Of course, Buhari and his party members are not the only politicians making inciteful comments. Atiku and members of his party have also been reckless with making unfounded allegations. For instance, Atiku recently alleged that the APC trained operatives in China to fast-track card readers in their strongholds of North-West and North-East, while slowing them in other geo-political zones in order to disenfranchise voters in those zones.This is a serious allegation of potential electoral manipulation and fraud. But where is the evidence?

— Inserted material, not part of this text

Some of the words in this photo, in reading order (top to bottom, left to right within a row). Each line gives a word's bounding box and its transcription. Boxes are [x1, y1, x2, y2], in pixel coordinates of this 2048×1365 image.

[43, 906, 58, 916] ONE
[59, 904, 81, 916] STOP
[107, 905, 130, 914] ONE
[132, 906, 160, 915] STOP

It was this dreadful state of affairs – the violent expressions and political desperation – that recently prompted some elder statesmen, such as Dr Christopher Kolade and Chief Philip Asiodu, under the auspices of “Burdened Elders” to cry out that “The nation is bleeding profusely and approaching a frontier it had never seen before”.

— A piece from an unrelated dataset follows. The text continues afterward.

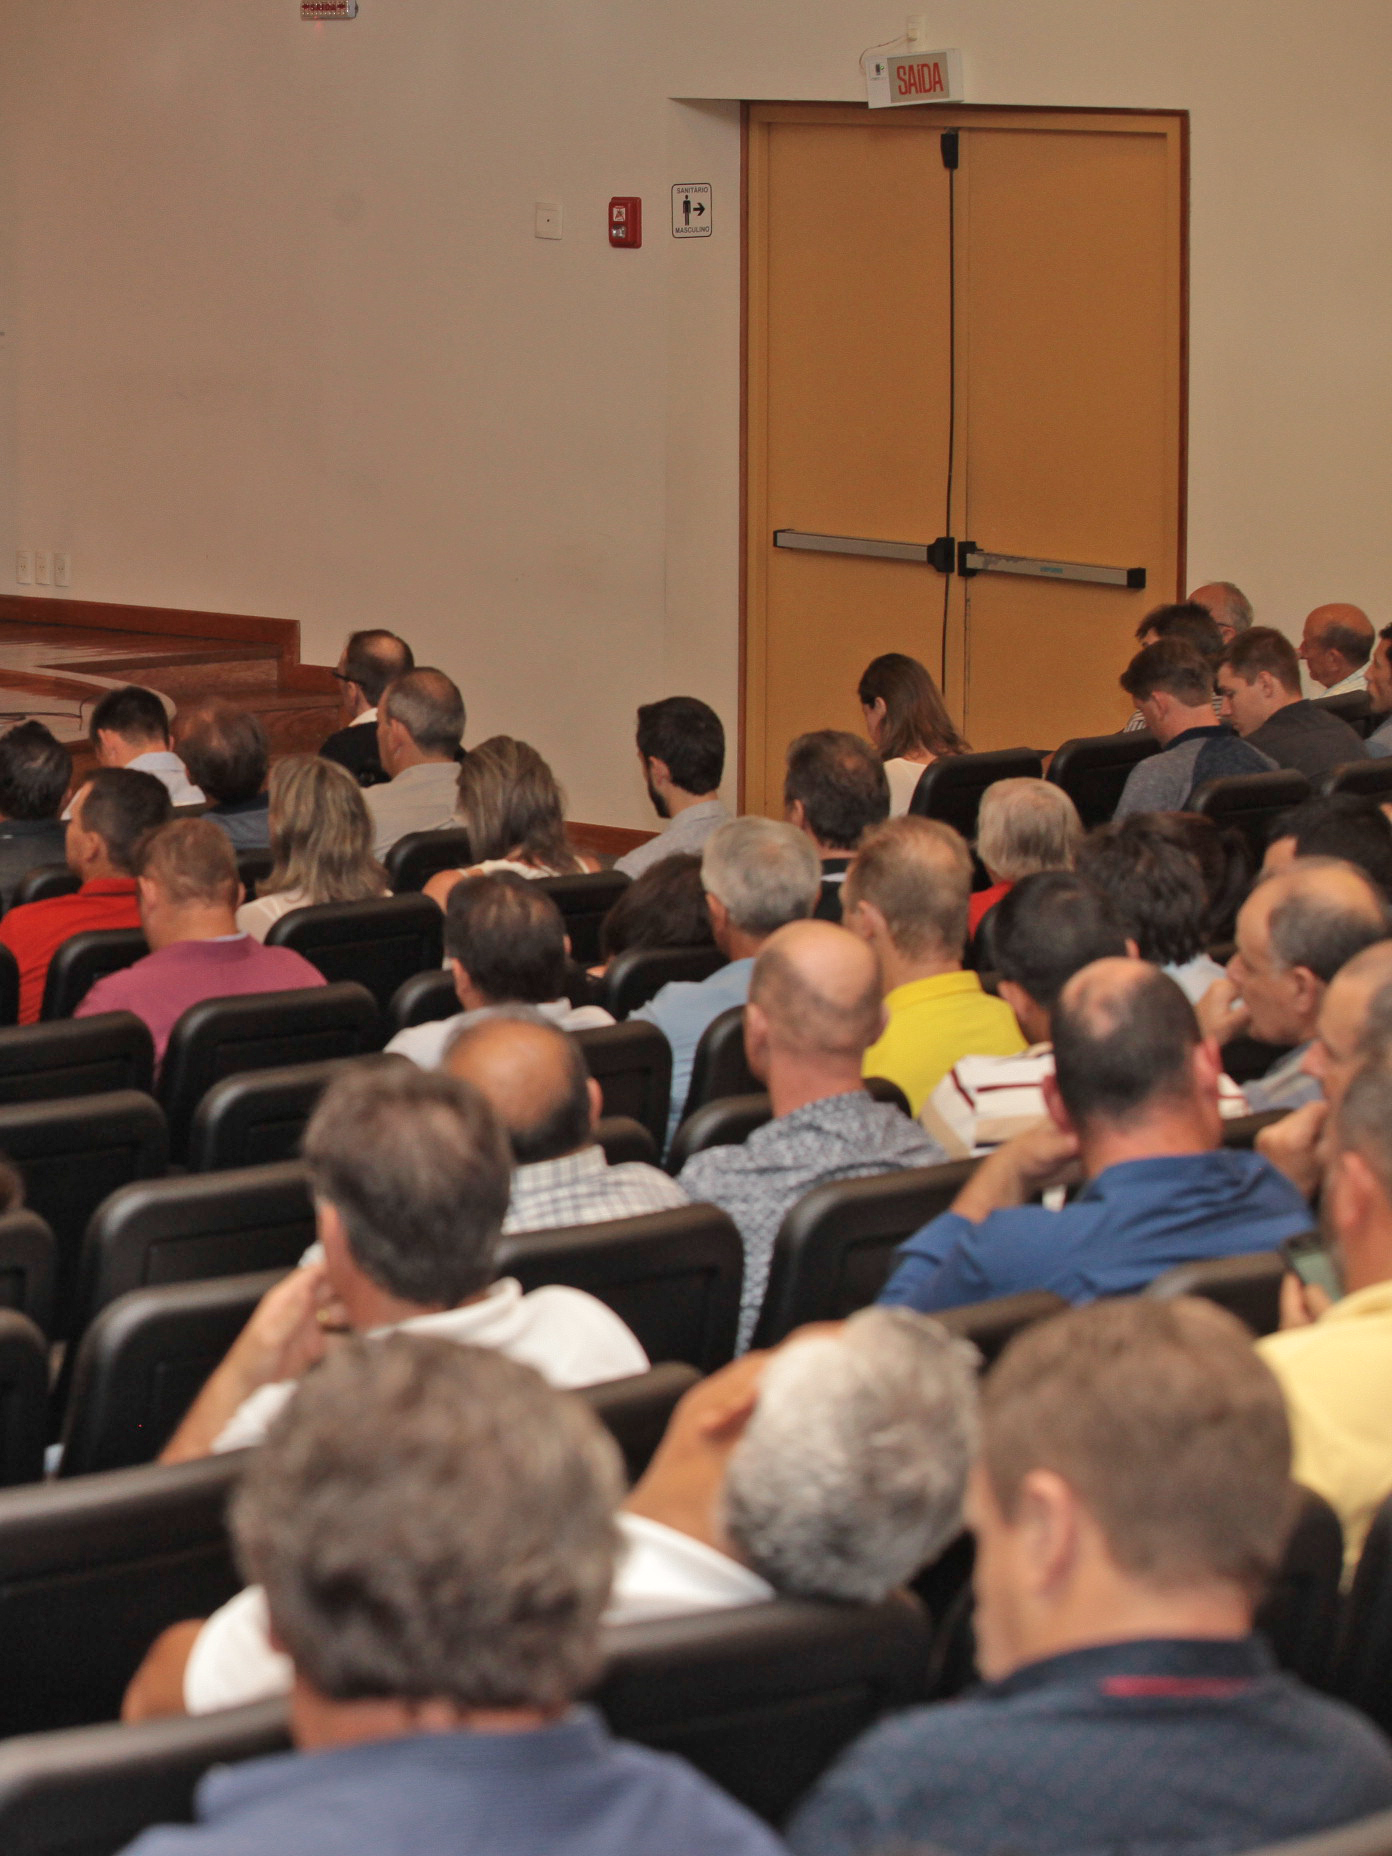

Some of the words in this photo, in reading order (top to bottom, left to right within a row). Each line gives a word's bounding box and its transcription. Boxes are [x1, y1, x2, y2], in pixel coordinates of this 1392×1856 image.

But if political failure has tarnished this year’s elections, so has institutional failure. The last-minute cancellation of the February 16 Presidential and National Assembly elections was a national disgrace. There was no serious breach of peace, no natural disaster or any other emergency, the only grounds permitted for postponement under the electoral law. Yet, INEC decided, in the middle of the night, at 2.30am, to cancel the elections starting a few hours later at 8am, blaming “logistical challenges”.

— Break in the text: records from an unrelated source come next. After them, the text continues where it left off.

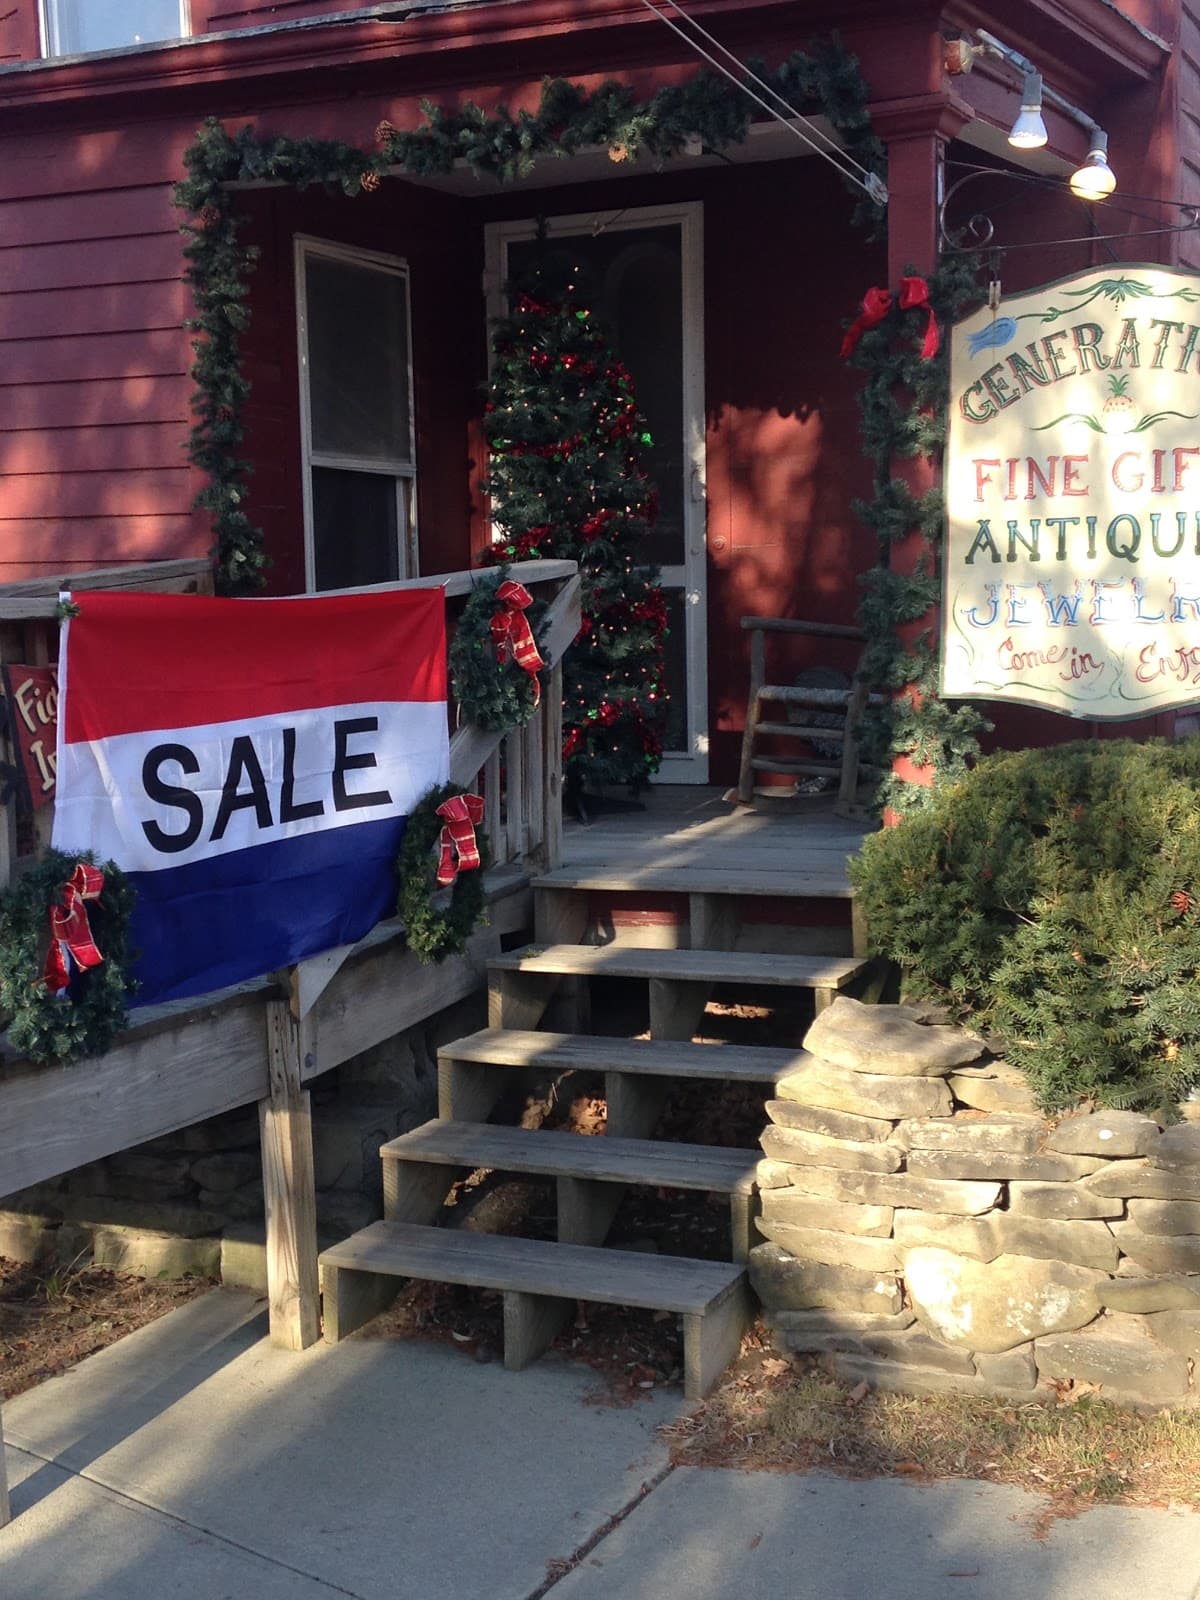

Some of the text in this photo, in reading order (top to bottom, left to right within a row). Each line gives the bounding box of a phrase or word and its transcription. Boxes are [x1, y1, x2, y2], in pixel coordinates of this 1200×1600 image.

[960, 317, 1200, 424] GENERATI
[972, 453, 1089, 502] FINE
[964, 511, 1200, 564] ANTIQU
[998, 636, 1200, 683] Come in Enjo
[141, 716, 393, 853] SALE

When a country’s electoral body blames “logistical challenges” for postponing a long-scheduled general election, it’s evidence of appalling incompetence, and severely weak state capacity. But the postponement came with huge economic cost, with some analysts putting the potential losses, including loss of foreign investment, at about $9bn. And, of course, it did an enormous damage to Nigeria’s already battered international reputation.
So, Nigeria may have had twenty years of uninterrupted democratic rule, its democracy is still primitive, stunted by a broken politics and failed institutions; indeed, by state failure!